AIM OF THE EXERCISE » Write out the listing verbatim. No pictures belong in it.

※ ※ ※

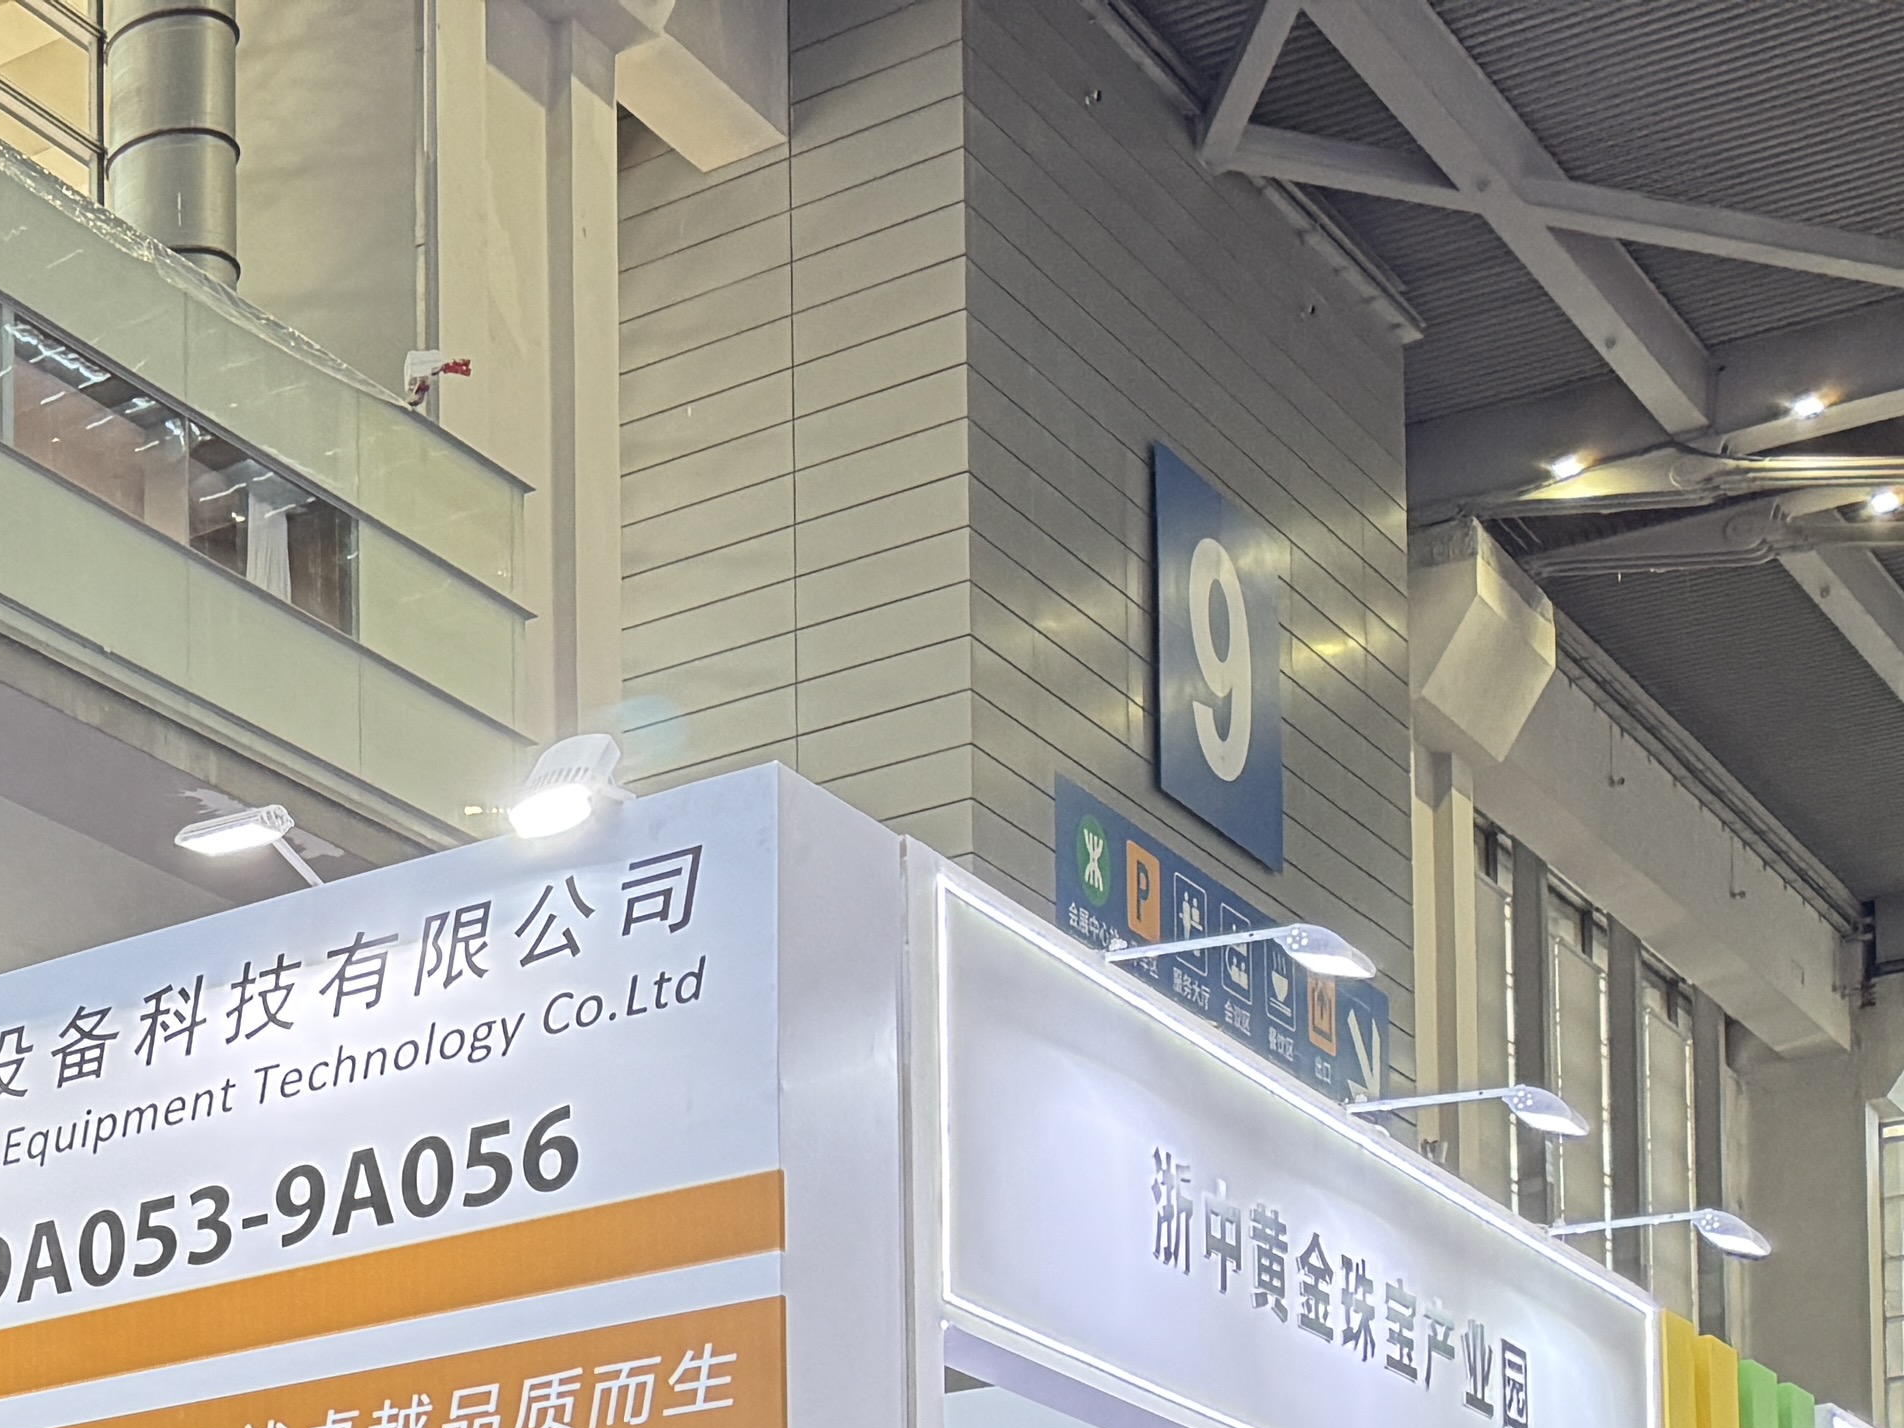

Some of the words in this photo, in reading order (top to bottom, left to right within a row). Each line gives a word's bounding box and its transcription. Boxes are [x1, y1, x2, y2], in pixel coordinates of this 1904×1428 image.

[1190, 537, 1253, 782] 9
[2, 1079, 235, 1170] Equipment
[256, 1008, 525, 1104] Technology
[544, 956, 704, 1038] Co.Ltd
[1224, 1000, 1252, 1037] 会议区
[1314, 1056, 1332, 1085] 出口

※ ※ ※

OUTPUT OF THE TASK »
Some of the words in this photo, in reading order (top to bottom, left to right within a row). Each line gives a word's bounding box and its transcription. Boxes are [x1, y1, x2, y2], in pixel coordinates of this 1904×1428 image.

[1190, 537, 1253, 782] 9
[2, 1079, 235, 1170] Equipment
[256, 1008, 525, 1104] Technology
[544, 956, 704, 1038] Co.Ltd
[1224, 1000, 1252, 1037] 会议区
[1314, 1056, 1332, 1085] 出口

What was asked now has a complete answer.